**What you are asked to do:** Locate the line that contains "this 1920×1440 image.". Print it and every subsequent line through the final line of the records, exactly and only those.

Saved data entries
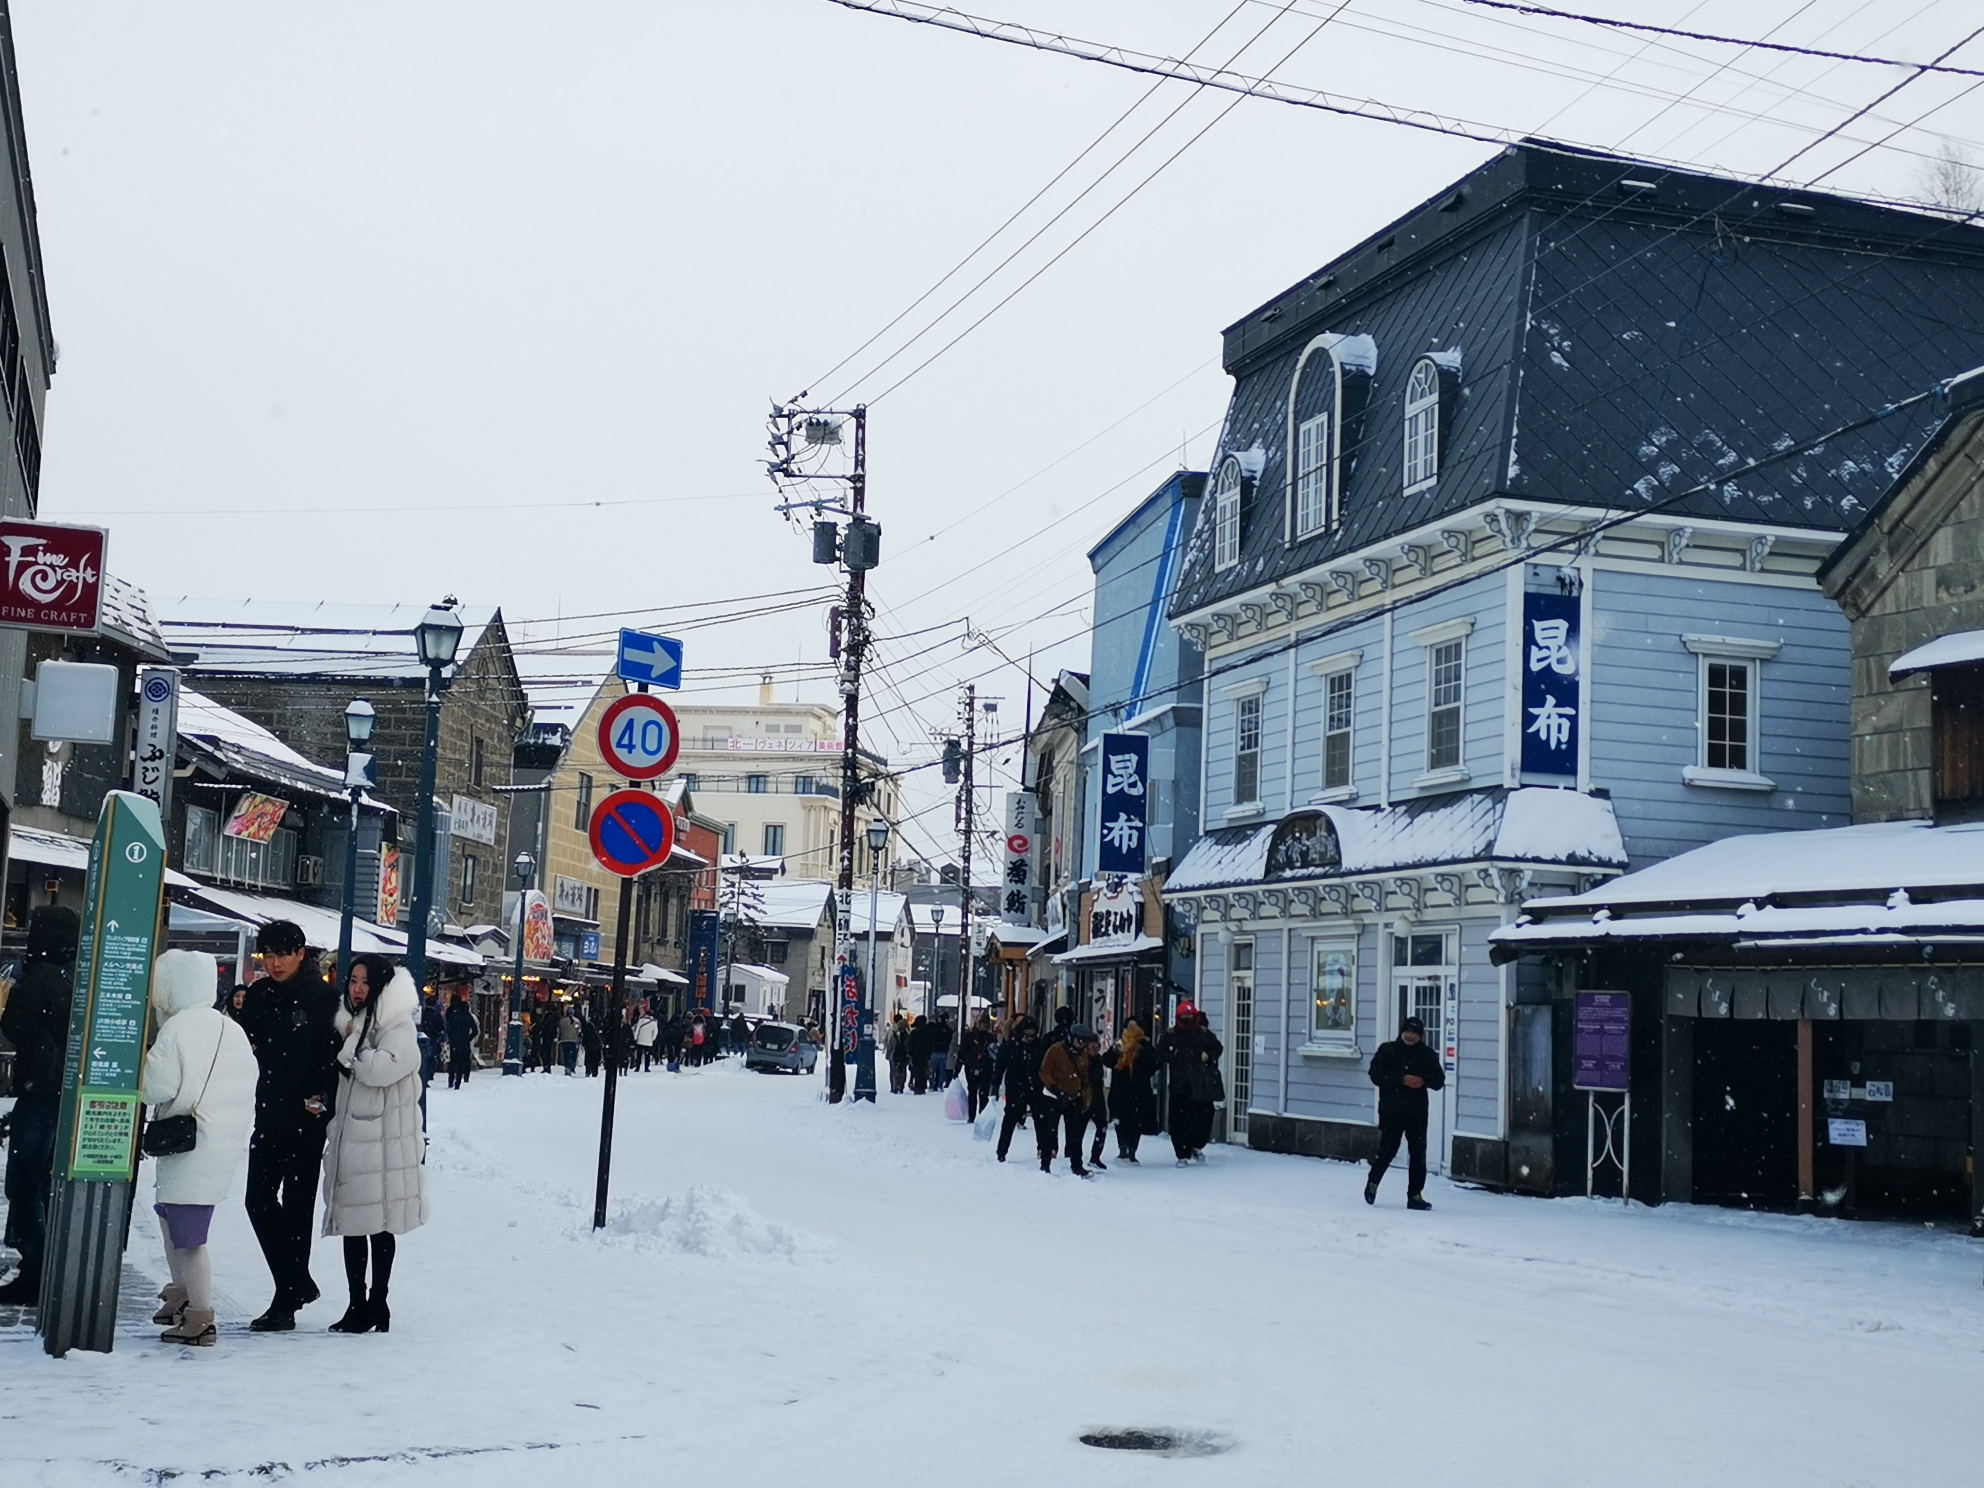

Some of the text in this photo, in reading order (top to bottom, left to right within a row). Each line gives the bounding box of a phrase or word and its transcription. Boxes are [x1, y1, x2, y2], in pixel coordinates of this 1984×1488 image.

[0, 535, 69, 591] Fine
[19, 551, 97, 606] Craft
[2, 606, 87, 623] FINE CRAFT
[1526, 618, 1577, 751] 昆布
[615, 717, 663, 757] 40
[1103, 752, 1145, 855] 昆布
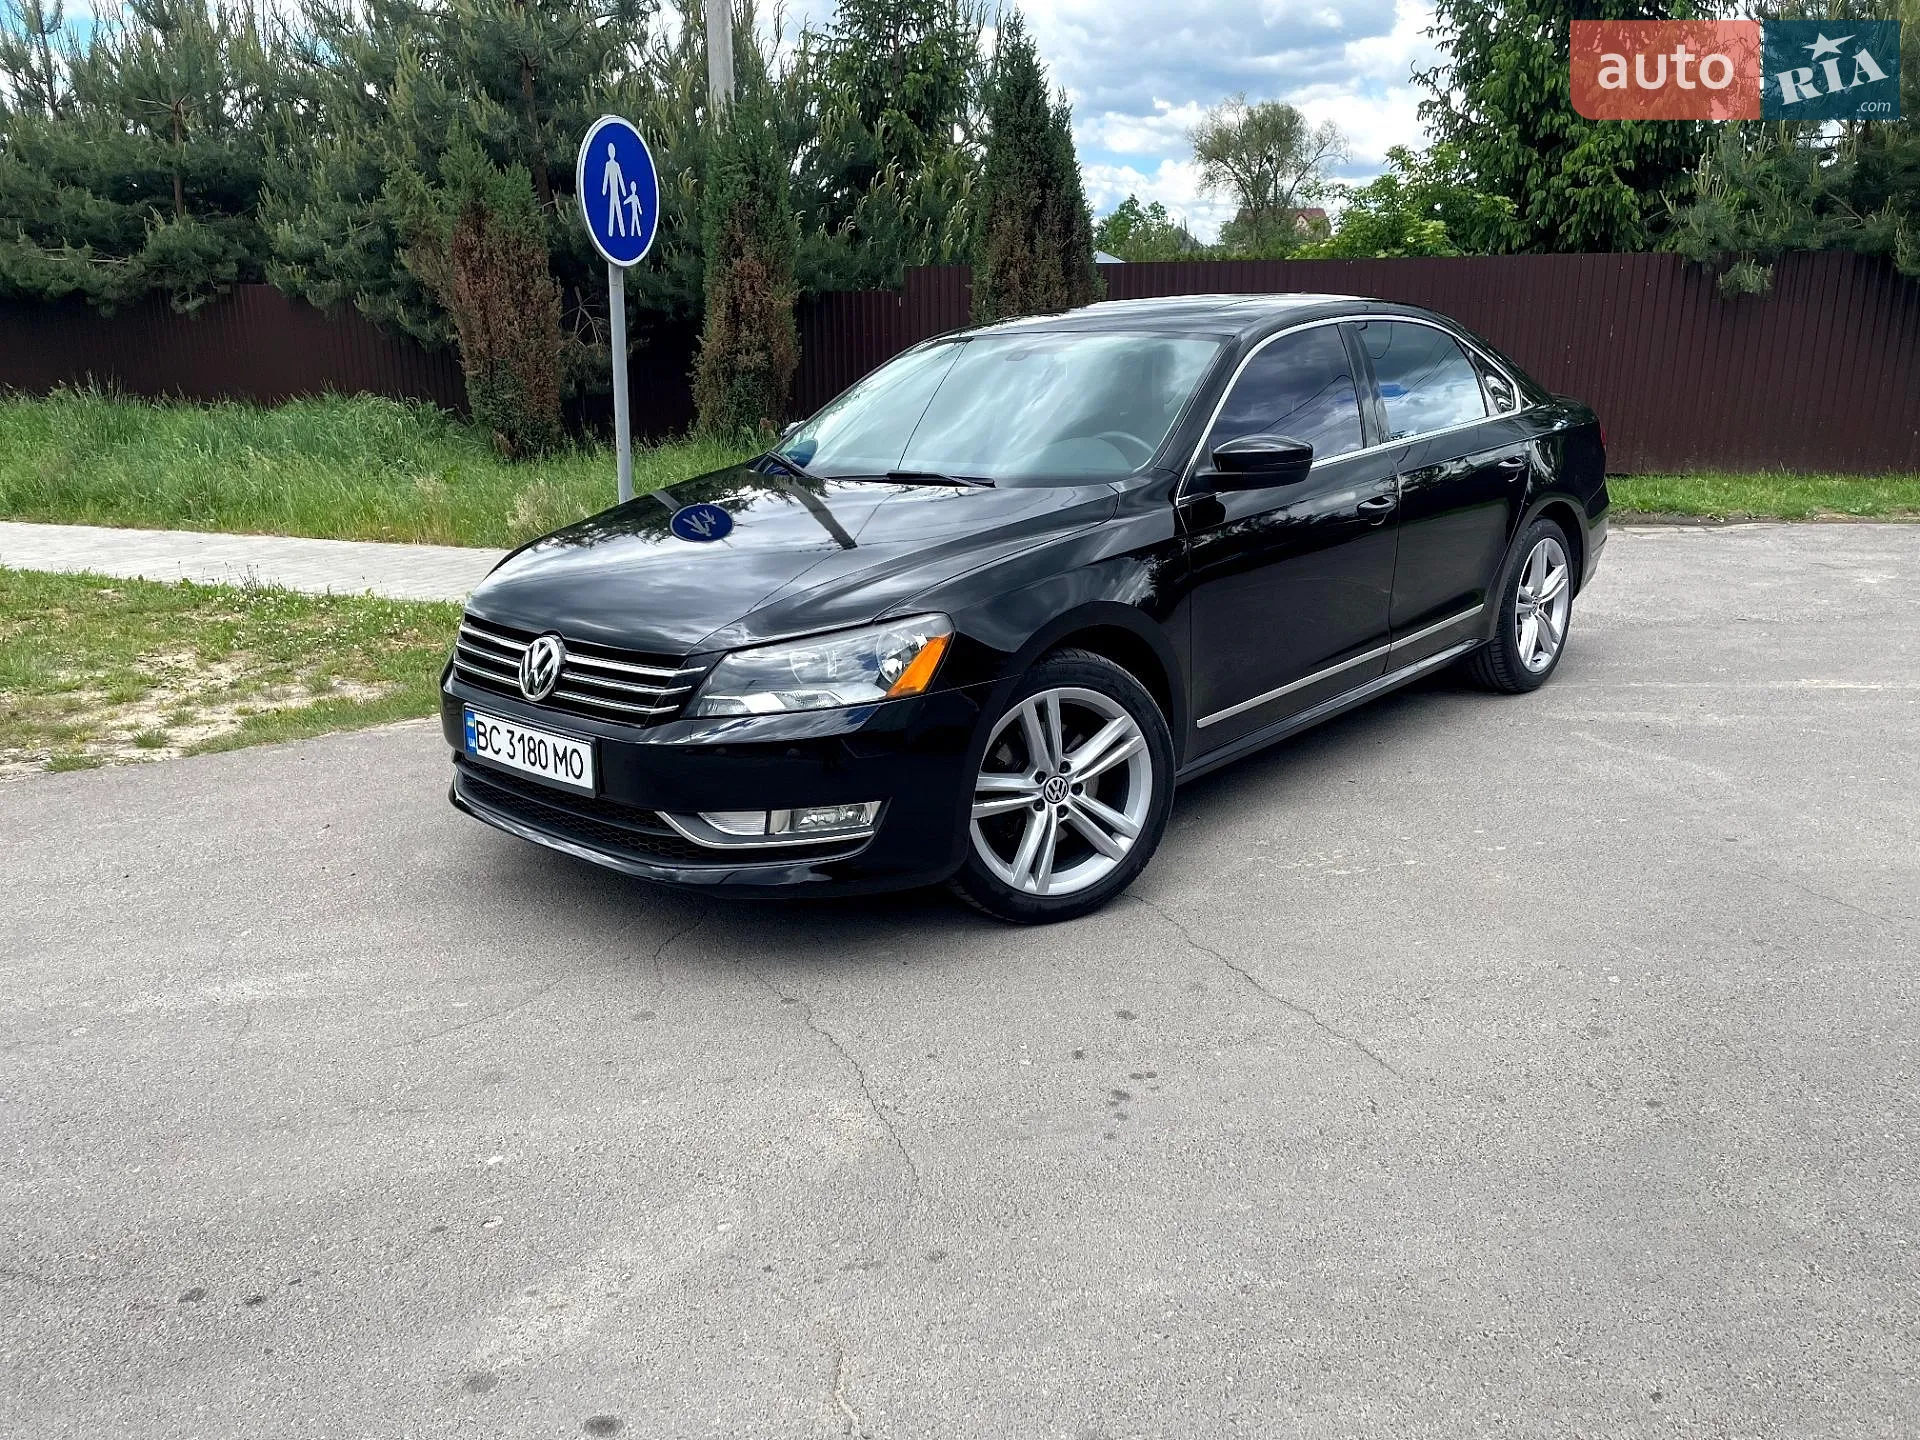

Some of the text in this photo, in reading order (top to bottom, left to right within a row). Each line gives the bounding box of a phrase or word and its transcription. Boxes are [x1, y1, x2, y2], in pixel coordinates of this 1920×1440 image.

[476, 720, 584, 780] BC 3180 MO

**Response to the task:**
Some of the text in this photo, in reading order (top to bottom, left to right within a row). Each line gives the bounding box of a phrase or word and its transcription. Boxes are [x1, y1, x2, y2], in pixel coordinates of this 1920×1440 image.

[476, 720, 584, 780] BC 3180 MO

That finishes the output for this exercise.